▶ _TASK GOAL_
Could you repeat every line below exactly, skipping the images?

(Text-to-region grounding data)
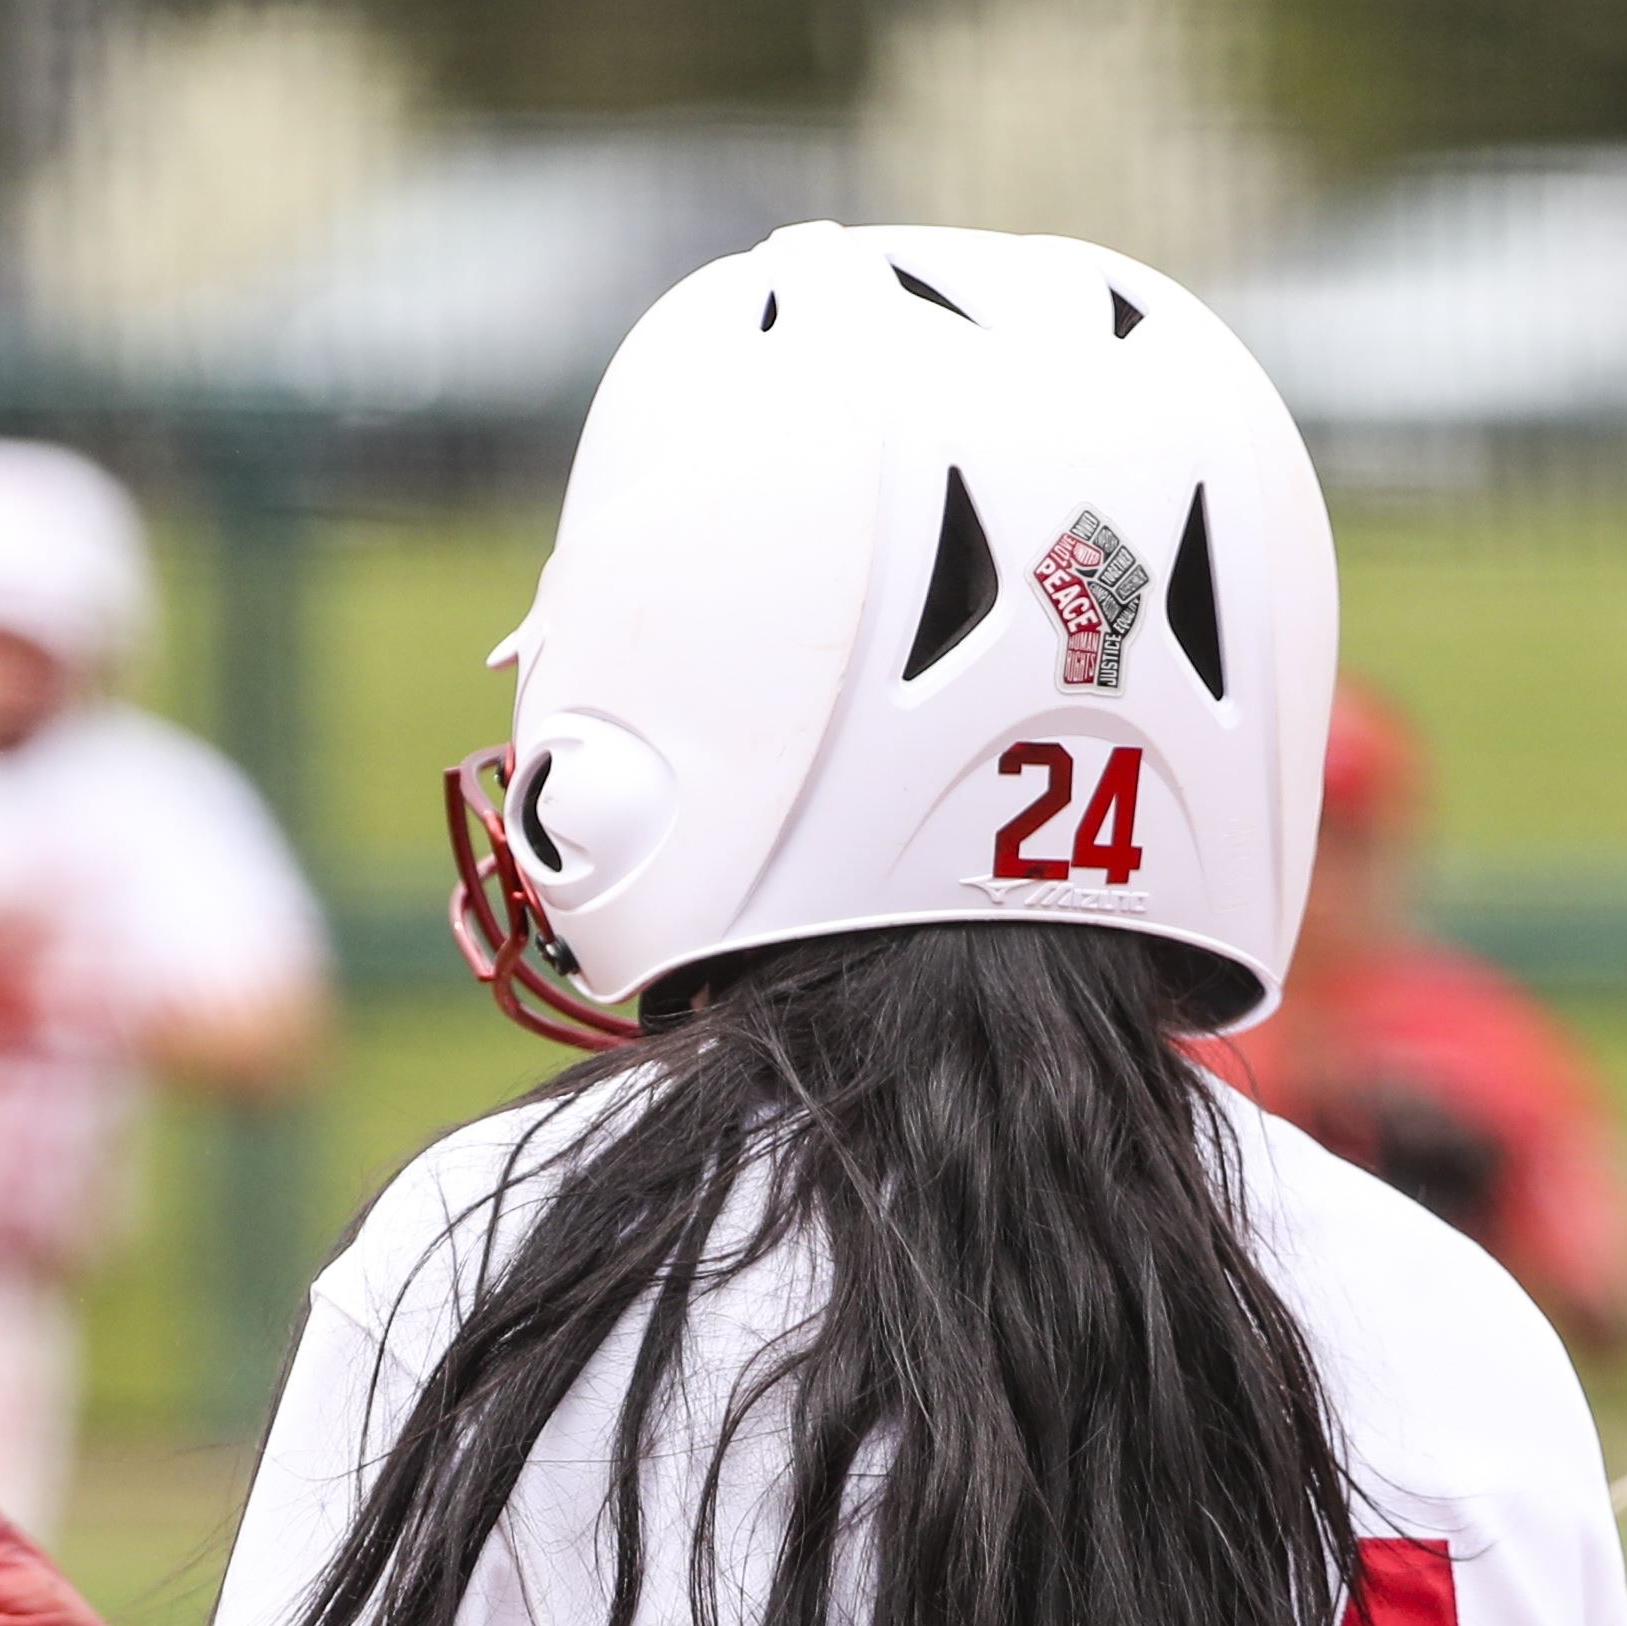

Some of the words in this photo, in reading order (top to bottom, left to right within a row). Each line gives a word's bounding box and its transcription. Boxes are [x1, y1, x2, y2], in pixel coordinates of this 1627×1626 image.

[1050, 534, 1076, 567] LOVE
[1035, 557, 1099, 633] PEACE
[1113, 597, 1140, 634] EQUALITY
[1068, 631, 1101, 652] HUMAN
[1099, 633, 1121, 686] JUSTICE
[993, 742, 1143, 884] 24
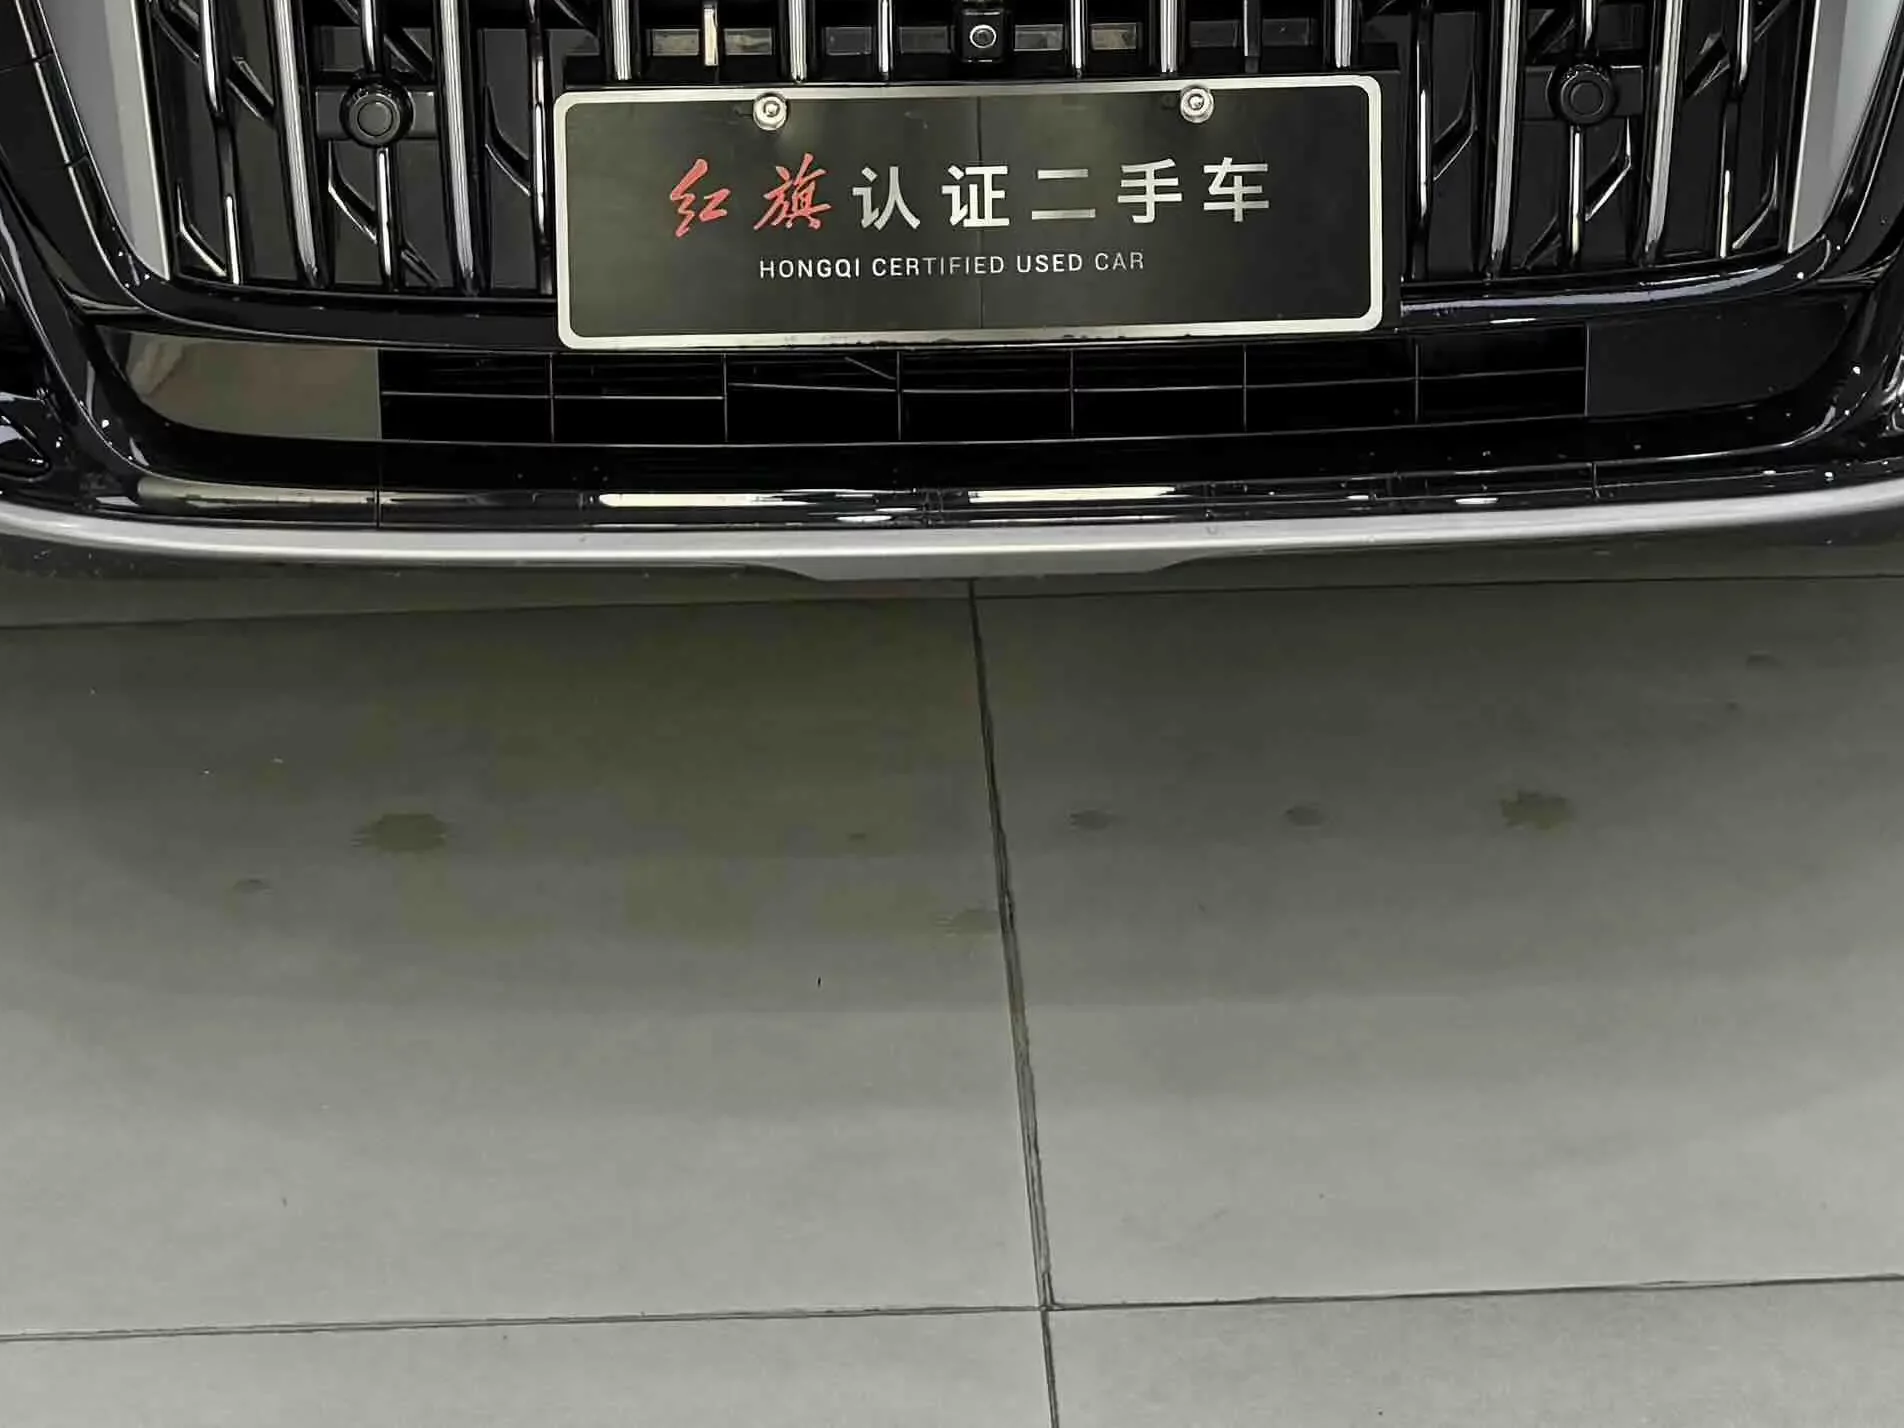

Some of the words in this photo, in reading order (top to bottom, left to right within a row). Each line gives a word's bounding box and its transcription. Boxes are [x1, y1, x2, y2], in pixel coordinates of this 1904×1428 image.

▶ _YOUR SOLUTION_
Some of the words in this photo, in reading order (top to bottom, left to right within a row). Each line gives a word's bounding box and its transcription. Boxes are [x1, y1, x2, y2], in pixel coordinates of this 1627×1626 image.

[1050, 534, 1076, 567] LOVE
[1035, 557, 1099, 633] PEACE
[1113, 597, 1140, 634] EQUALITY
[1068, 631, 1101, 652] HUMAN
[1099, 633, 1121, 686] JUSTICE
[993, 742, 1143, 884] 24

Some of the words in this photo, in reading order (top to bottom, left to right within a row). Each line gives a word's bounding box and its transcription. Boxes are [x1, y1, x2, y2], in pixel coordinates of this 1904×1428 image.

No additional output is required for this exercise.